Loving the business of berries
05/15/2014 6:16 AM
05/15/2014 6:26 AM
It is strawberry season and I felt like I struck gold when I found Wise Acres farm in Indian Trail! They are an organically-grown strawberry farm with 3 delicious varieties. And they have an amazing recycled tire play area for the kids, as well as the 'Little Free Lending Library', where can you swap out kids books!
Mom and farmer Cathy Linn-Thorstenson, 42, opened Wise Acres this year with her husband on Earth Day (April 22, 2014). They have had a busy season thus far, and still have tons of berries for everyone! Want to know more about the farm? Keep reading!
Q. What made you decide to move to Indian Trail from Chicago?
A. Our family loves the outdoors and we wanted to have some land. We realized that we would have to move way out into the country to be able to afford anything in the Chicago area. Our family was tired of the Chicago winters and was ready for a change. We looked at Nashville, Raleigh and Asheville and when we found the property in Indian Trail we knew we found a new home.
Q. Had you ever lived on a farm or knew much about farming?

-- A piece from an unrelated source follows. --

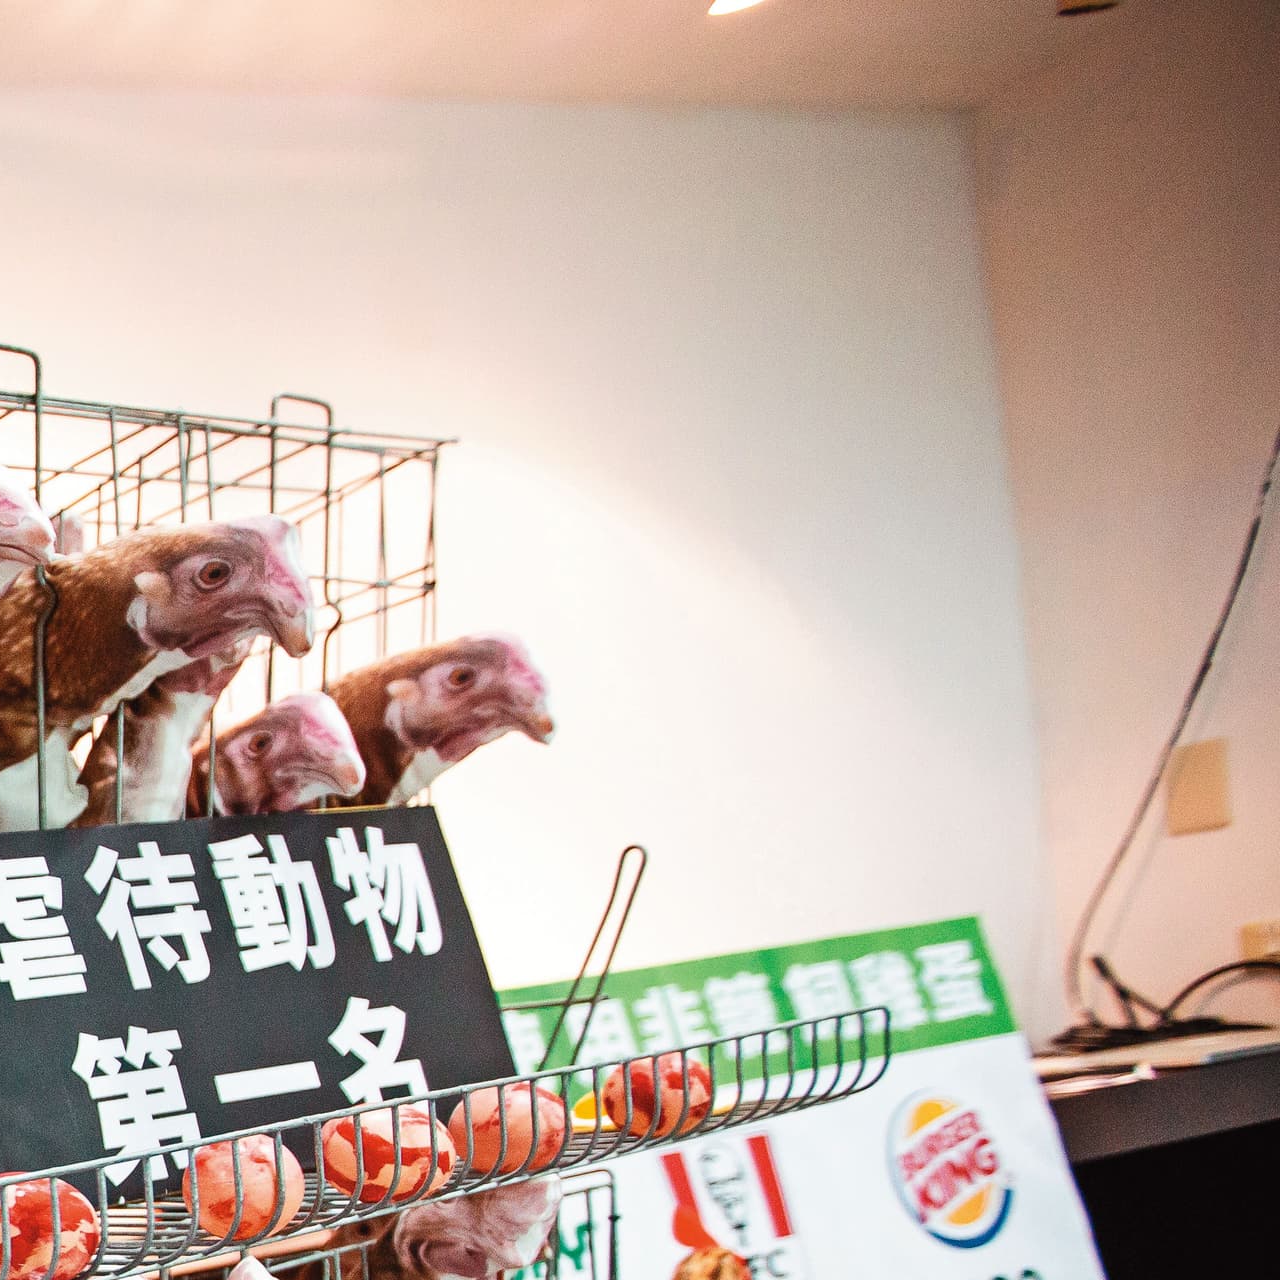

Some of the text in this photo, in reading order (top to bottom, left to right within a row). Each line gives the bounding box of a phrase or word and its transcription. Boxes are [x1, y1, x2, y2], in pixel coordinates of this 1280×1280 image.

A. My husband and I both have relatives who farm and we loved spending time on their farms, however, neither one of us grew up on a farm. After receiving my MBA I worked first in business and then in the non-profit sector before taking time off to raise the girls. I still giggle when I fill out forms that ask for my occupation and I write in "farmer".
Q. Why organic and why strawberries?
A. We are growing strawberries because our family loves strawberries and it is a wonderful crop to attract neighbors to our farm. People will get in their car to come out and pick berries. Turnips and radishes are a tougher sell.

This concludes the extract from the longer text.